• SUPPLIED DATA:
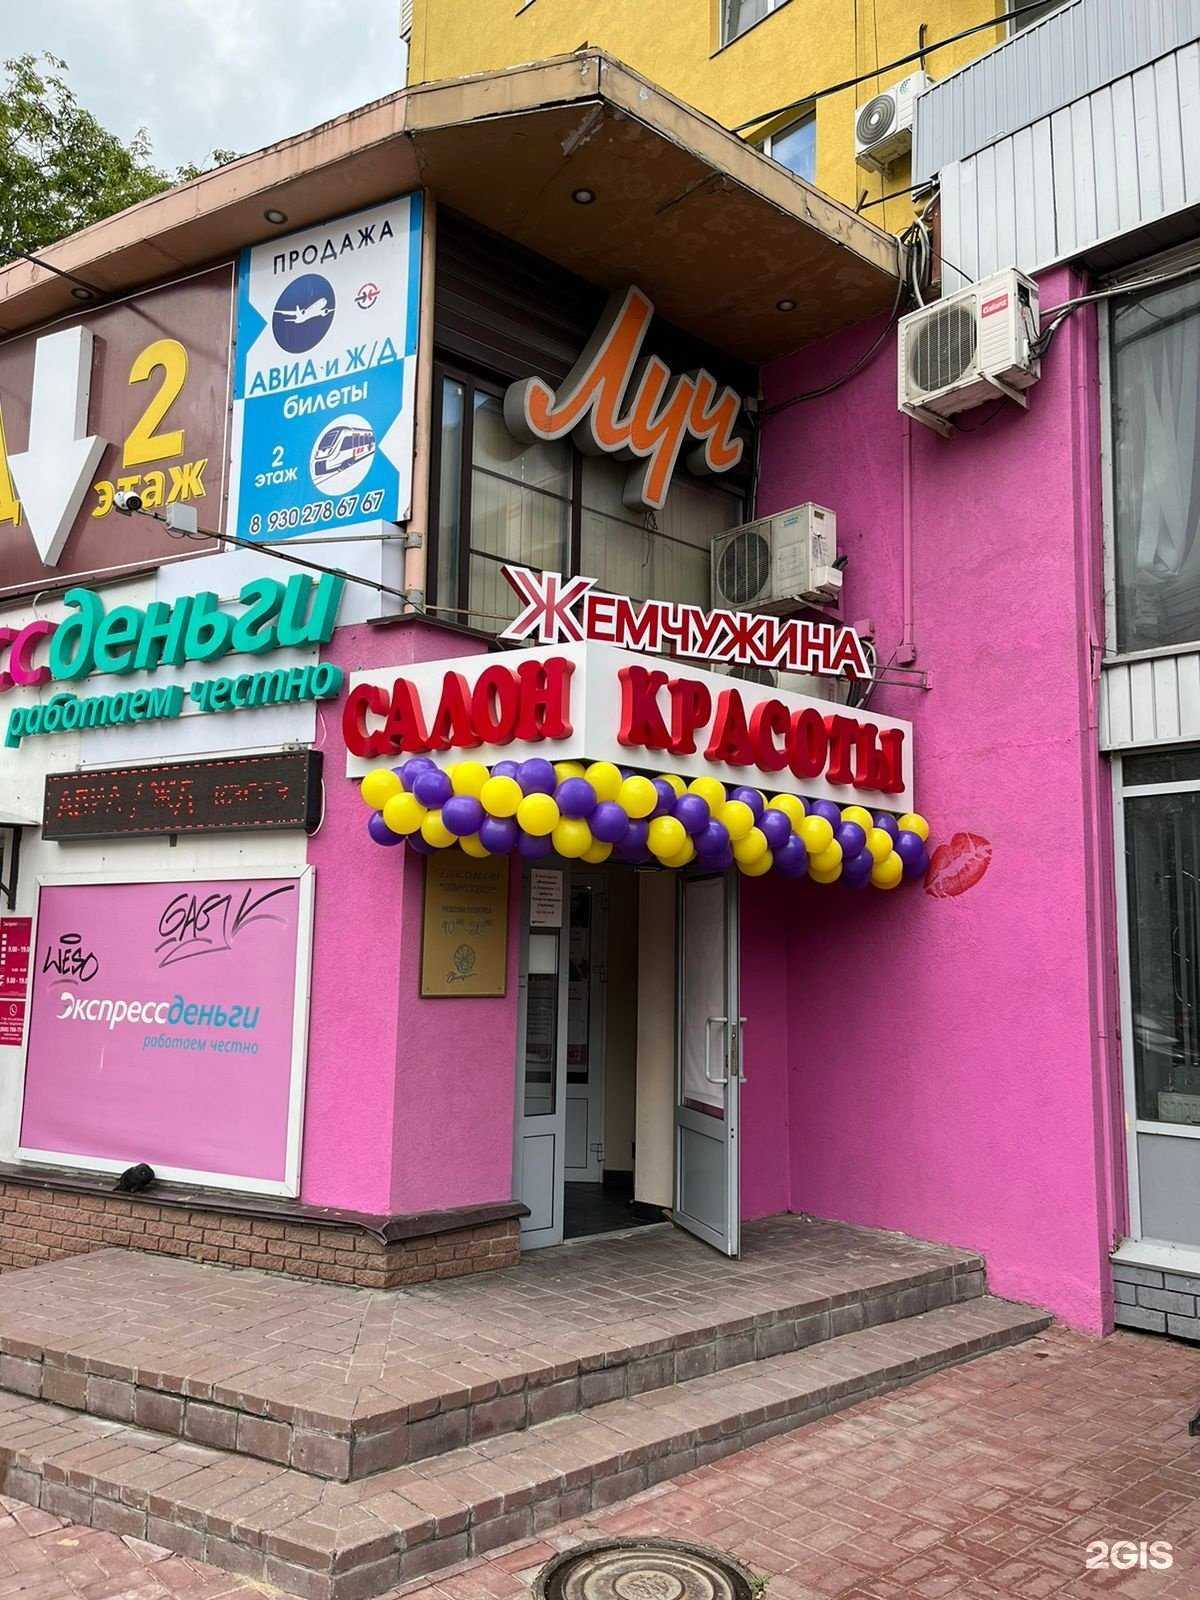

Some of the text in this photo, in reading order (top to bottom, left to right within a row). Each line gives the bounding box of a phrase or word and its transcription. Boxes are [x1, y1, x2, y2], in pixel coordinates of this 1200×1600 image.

[273, 219, 394, 275] ПРОДАЖА
[250, 337, 397, 395] АВИА и Ж/Д
[123, 338, 189, 469] 2
[283, 380, 369, 420] билеты
[507, 284, 744, 511] Луч
[254, 467, 298, 488] этаж
[271, 446, 285, 468] 2
[250, 489, 385, 535] 8 930 278 67 67
[5, 662, 345, 749] работаем честно
[342, 656, 906, 794] САЛОН КРАСОТЫ
[142, 1033, 259, 1055] работаем честно
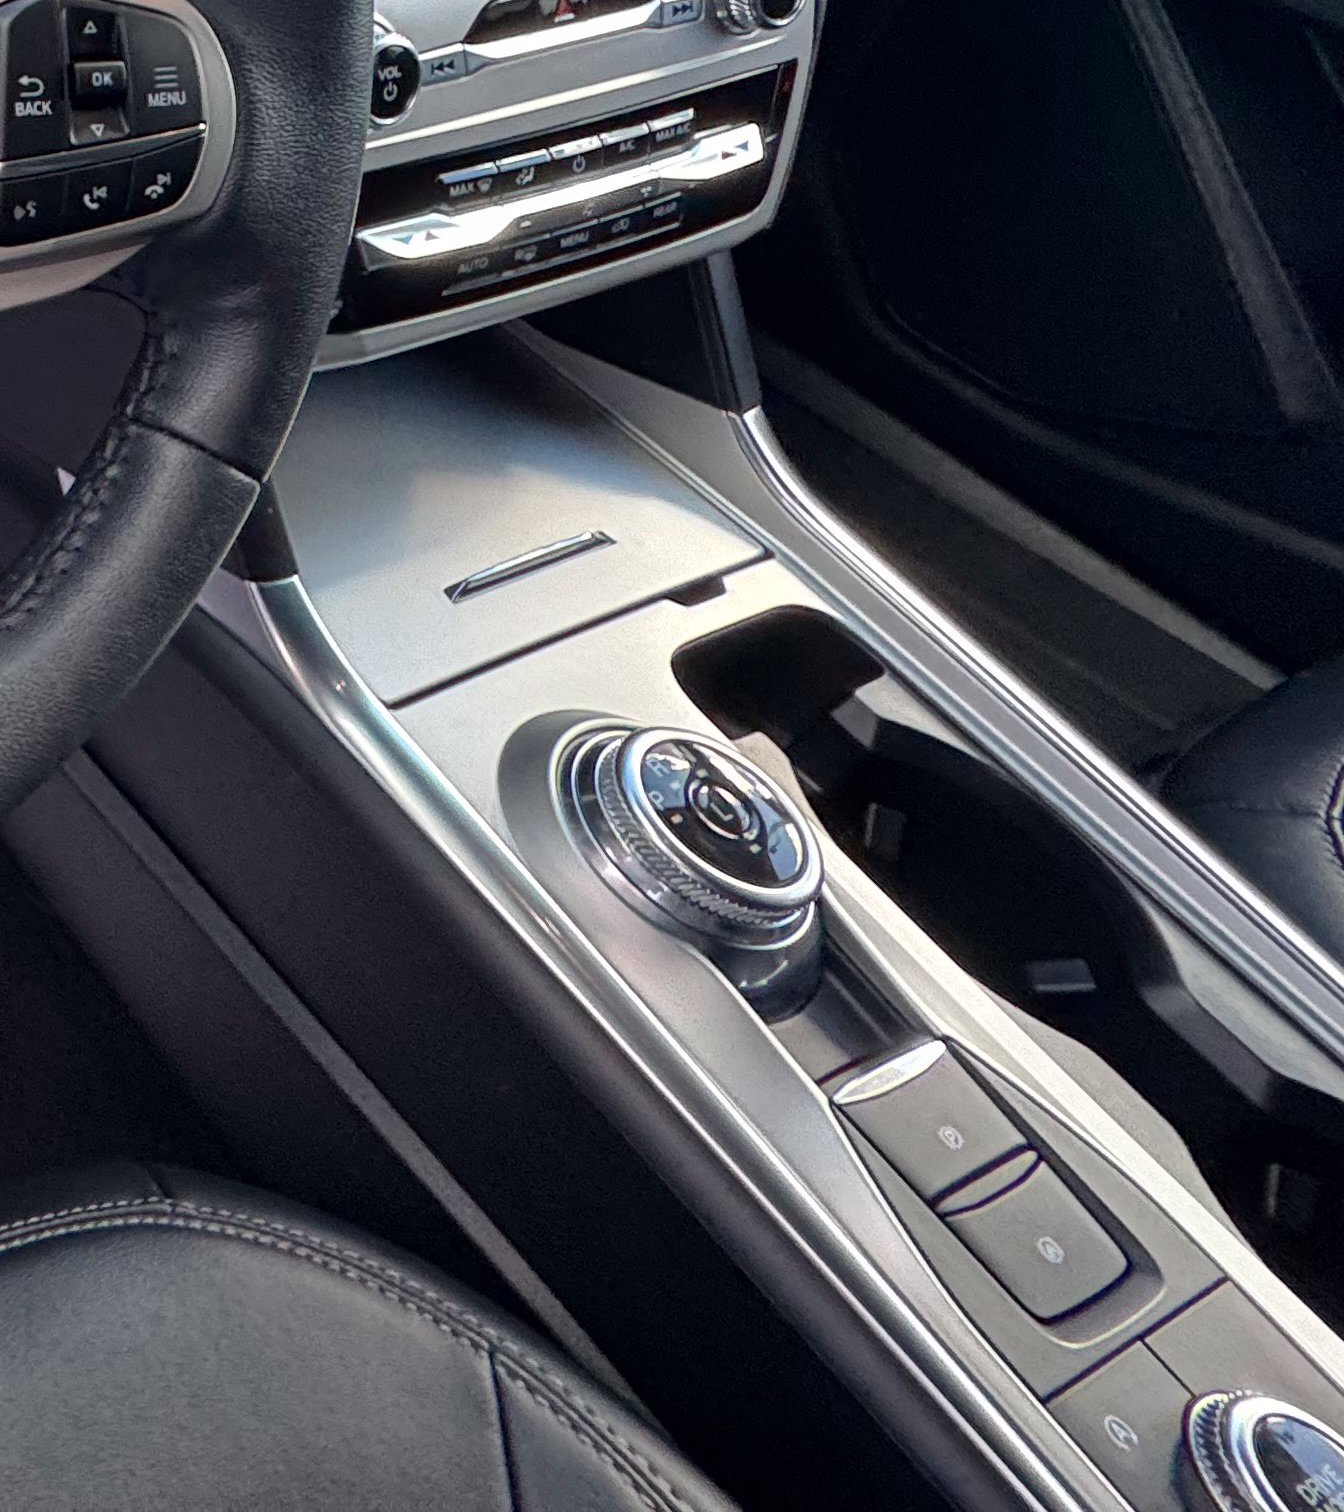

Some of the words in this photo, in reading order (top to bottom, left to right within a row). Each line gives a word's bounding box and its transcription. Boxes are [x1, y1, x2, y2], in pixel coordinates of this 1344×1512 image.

[91, 71, 113, 88] OK
[378, 65, 403, 82] VOL
[147, 90, 186, 107] MENU
[15, 100, 52, 117] BACK
[449, 180, 475, 198] MAX
[457, 257, 489, 274] AUTO
[1296, 1462, 1344, 1508] DRIVE

• WORK ITEM: When you copy the listing, keep every line exactly as it is but leave out all images.

• ANSWER:
Some of the text in this photo, in reading order (top to bottom, left to right within a row). Each line gives the bounding box of a phrase or word and its transcription. Boxes are [x1, y1, x2, y2], in pixel coordinates of this 1200×1600 image.

[273, 219, 394, 275] ПРОДАЖА
[250, 337, 397, 395] АВИА и Ж/Д
[123, 338, 189, 469] 2
[283, 380, 369, 420] билеты
[507, 284, 744, 511] Луч
[254, 467, 298, 488] этаж
[271, 446, 285, 468] 2
[250, 489, 385, 535] 8 930 278 67 67
[5, 662, 345, 749] работаем честно
[342, 656, 906, 794] САЛОН КРАСОТЫ
[142, 1033, 259, 1055] работаем честно

Some of the words in this photo, in reading order (top to bottom, left to right within a row). Each line gives a word's bounding box and its transcription. Boxes are [x1, y1, x2, y2], in pixel coordinates of this 1344×1512 image.

[91, 71, 113, 88] OK
[378, 65, 403, 82] VOL
[147, 90, 186, 107] MENU
[15, 100, 52, 117] BACK
[449, 180, 475, 198] MAX
[457, 257, 489, 274] AUTO
[1296, 1462, 1344, 1508] DRIVE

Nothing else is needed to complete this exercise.